其の一
朽ちていく星ような、貴女の諦めた目が好きだと友人は私に笑いかける。破滅願望が有るのかと問うと、首を横に振る。
そのくせ、ふと思い出したように死にたいという。私もまた、希望と活力に満ちた友人の壊れた素顔を愛している。
私が友人と出会ったのは、高校を卒業してからだった。
半ば気が違ったようになりながら、坂を転がり落ちる心境で学生を終えた。私は進学も就職もしなかった。
学びの道を逸れてからは、当たり前のように白い服を着た他人にあれやこれや身の上話をして、ああだこうだと沢山名前を貰った。そして、色の着いた薬を渡されて、すっかり病人のつもりでふらふらとしていた。
病院の帰りに何度か同じ女性を見かけたが、そのことをさして気に留めてはいなかった。
ある朝起きると、薬が尽き、日付が3日も過ぎていた。
そして、部屋は散乱し字とも記号とも判別の付かぬものを書き連ねた紙が机に置いてあった。
私はいつの間にか、人である事を放棄していた。
死のうとしたことだけは無いというのが、未来と自身との僅かな鎹であると思っていたのを、あっさり破壊してしまっていた。

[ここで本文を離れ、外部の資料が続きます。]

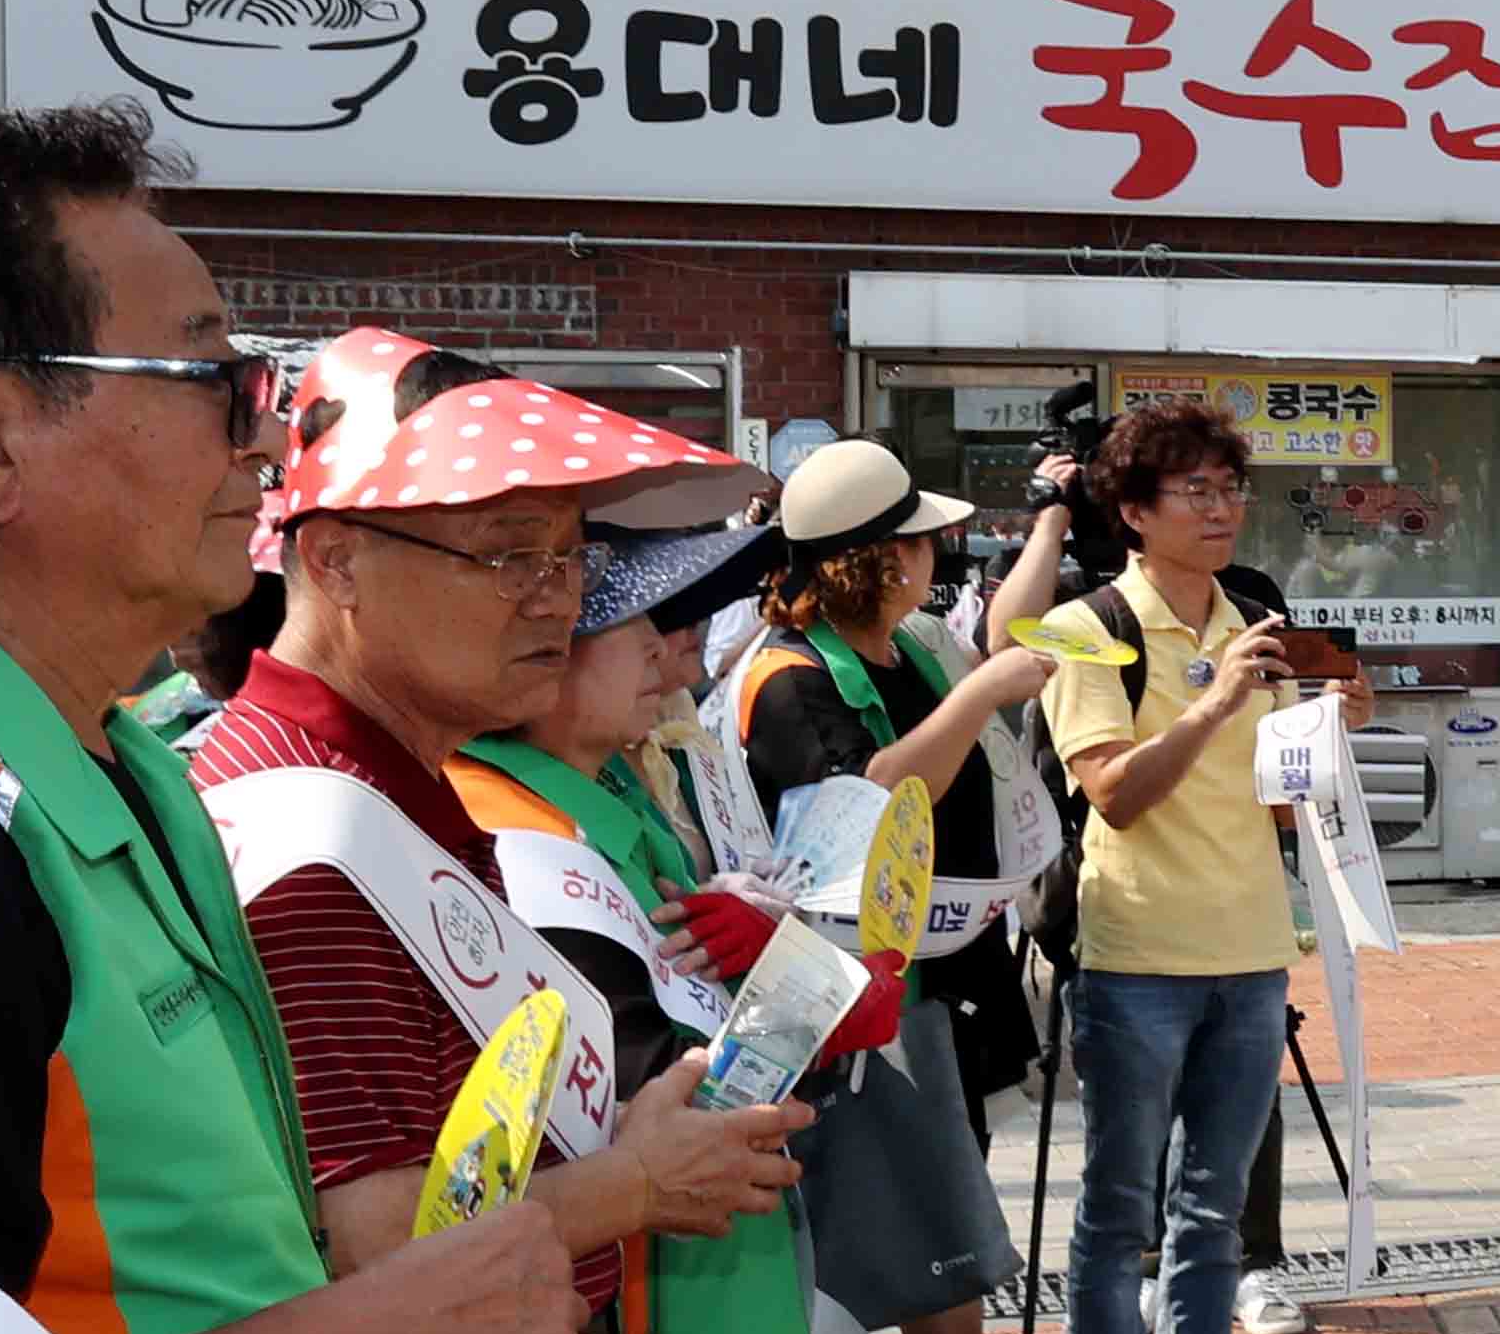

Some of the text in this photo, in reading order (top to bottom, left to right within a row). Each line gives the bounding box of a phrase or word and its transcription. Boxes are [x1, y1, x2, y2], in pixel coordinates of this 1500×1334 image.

水気の無い体は、立ち上がるだけでミシミシと音を立てる。カーテンの隙間、細い光の棒が床へ真っ直ぐ伸びている。冷えた床もそこだけ暖かい。きっと外は暑いだろう。
私は部屋を片付けて身支度を整えてから、一先ず外へ出てみることにした。
玄関のドアを少し開き、外の様子を覗うと、空がとても綺麗だった、太陽が眩しかった。その鮮やかな生命の強さみたいなものは、目から心を突き刺して私を罵倒する。「命は弱さを許さない」独裁者の言葉を思い出し、ポツリと呟くと情けない気持ちになった。
私は、その日死のうと決めた。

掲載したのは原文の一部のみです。